Please return all records verbatim, no pictures.

------ Data for review ------

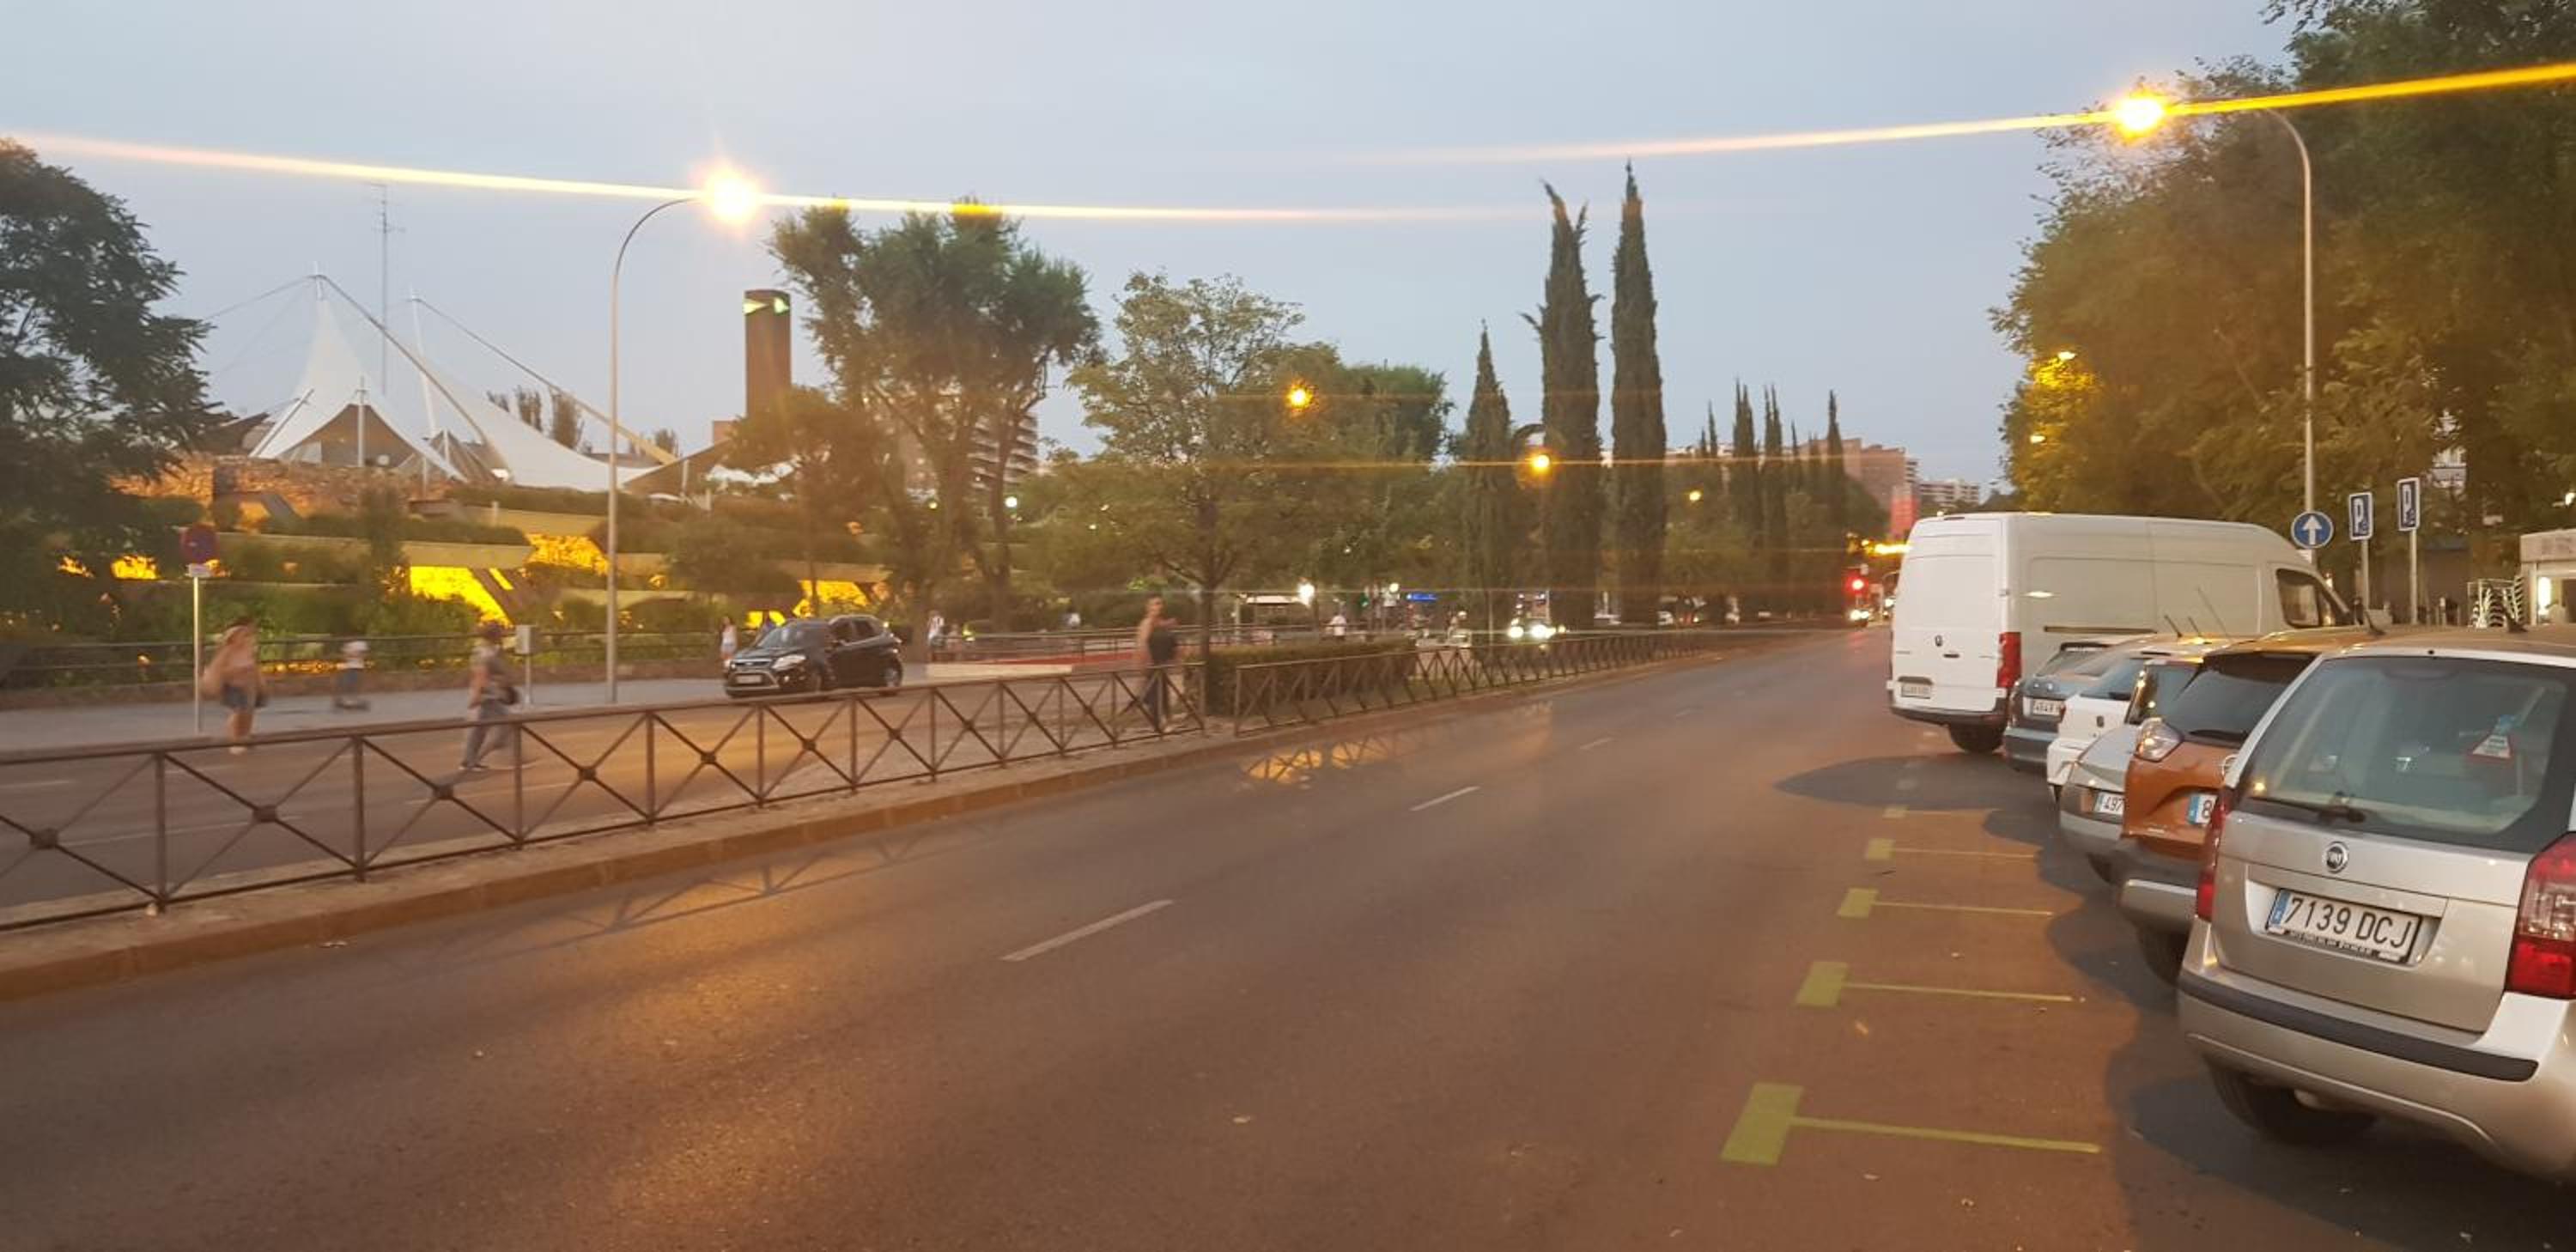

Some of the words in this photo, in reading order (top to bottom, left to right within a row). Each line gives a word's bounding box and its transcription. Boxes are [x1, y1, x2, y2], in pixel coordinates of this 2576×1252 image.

[2354, 498, 2363, 533] P
[2402, 484, 2411, 523] P
[2285, 898, 2351, 934] 7139
[2356, 912, 2411, 947] DCJ

------

Expected answer:
Some of the words in this photo, in reading order (top to bottom, left to right within a row). Each line gives a word's bounding box and its transcription. Boxes are [x1, y1, x2, y2], in pixel coordinates of this 2576×1252 image.

[2354, 498, 2363, 533] P
[2402, 484, 2411, 523] P
[2285, 898, 2351, 934] 7139
[2356, 912, 2411, 947] DCJ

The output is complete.